Jamaica Health Minister Christopher Tufton told the Miami Herald that the 140 Cuban doctors and nurses were brought in to boost the country’s health staff for COVID-19. “We lose 500 plus nurses each year from mass recruiting” from other countries, he said.
The arrival of Cuban healthcare workers to help on the front lines of the pandemic is seen as such a godsend among Caribbean nations that Haiti’s foreign ministry hinted on Twitter that the country was getting more Cuban doctors.
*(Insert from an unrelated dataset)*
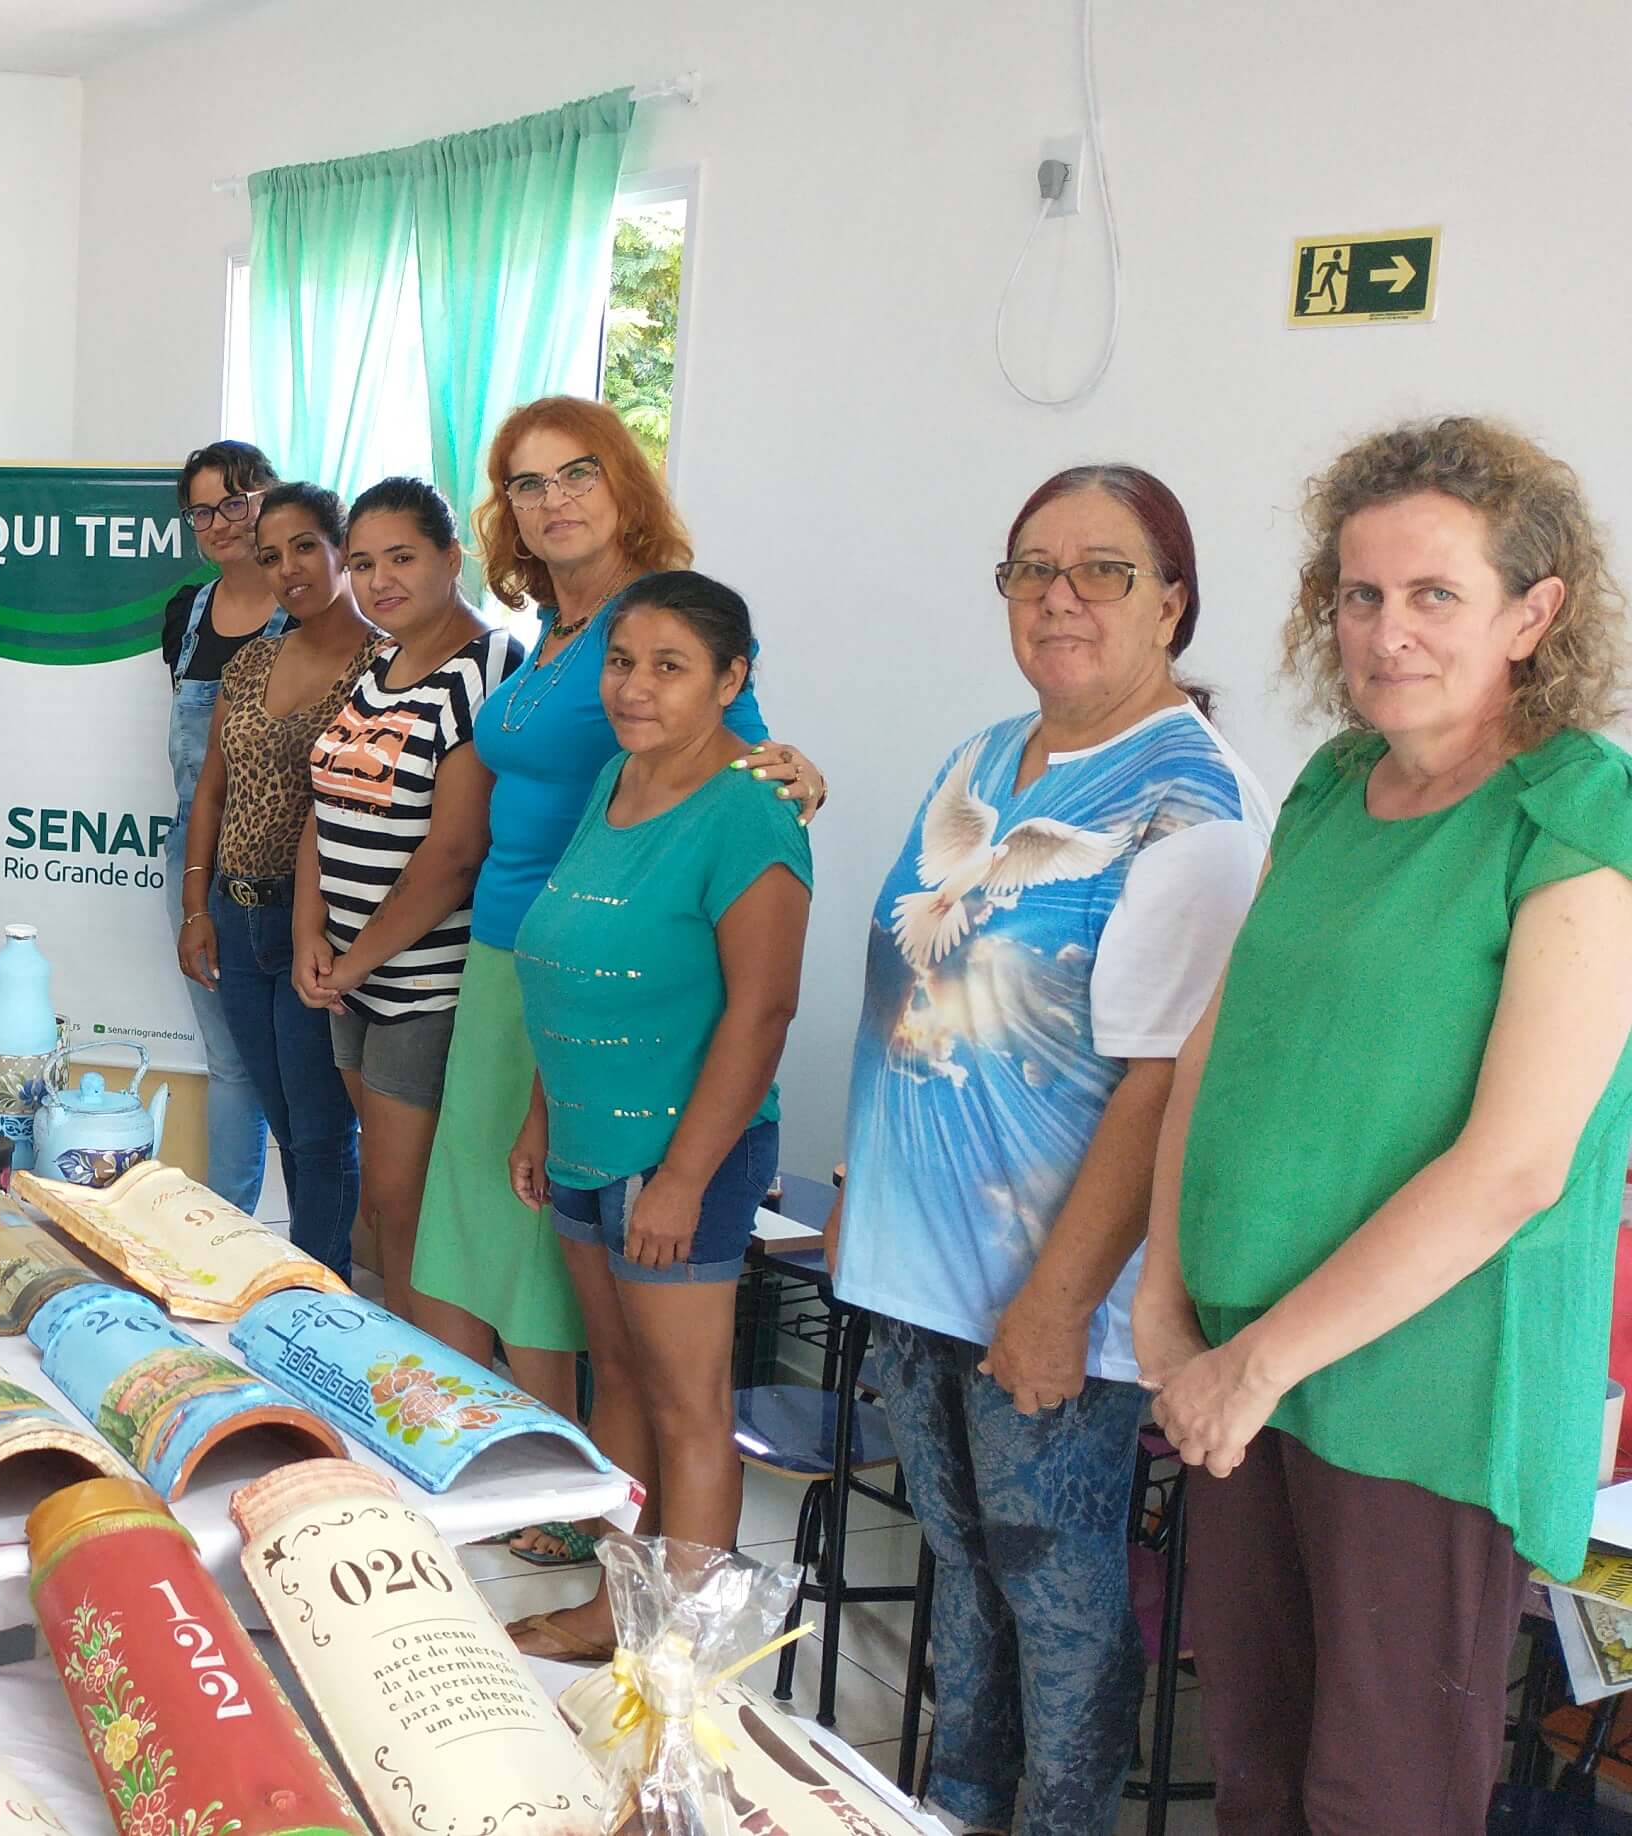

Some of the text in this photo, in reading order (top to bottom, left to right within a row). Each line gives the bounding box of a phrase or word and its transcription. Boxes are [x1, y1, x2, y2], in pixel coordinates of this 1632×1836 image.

Foreign Minister Claude Joseph later clarified to the Nouvelliste that 348 Cuban doctors and nurses already in Haiti will now be deployed throughout the country to help with COVID-19 patients.
This is not the first time Cuba has offered medical aid to the Caribbean.
Antigua and Barbuda Prime Minister Gaston Browne said Cuba has been exporting its doctors and nurses for decades to help his country recover from hurricanes. Cuba has also provided scholarships for its nationals to study medicine in the island.
“We are friends of all and enemies of none. We are an extremely vulnerable micro state, and have little option but to accept assistance from all nations,” he said. “Those who would like us to do otherwise should undertake to fill the breach.”
The political message is clear, observers of the region say: Contrary to what the U.S. has been trying to demonstrate by having the doctors chased out of Brazil, Bolivia and other Latin American nations, Cuba’s medical brigades are still needed and appreciated.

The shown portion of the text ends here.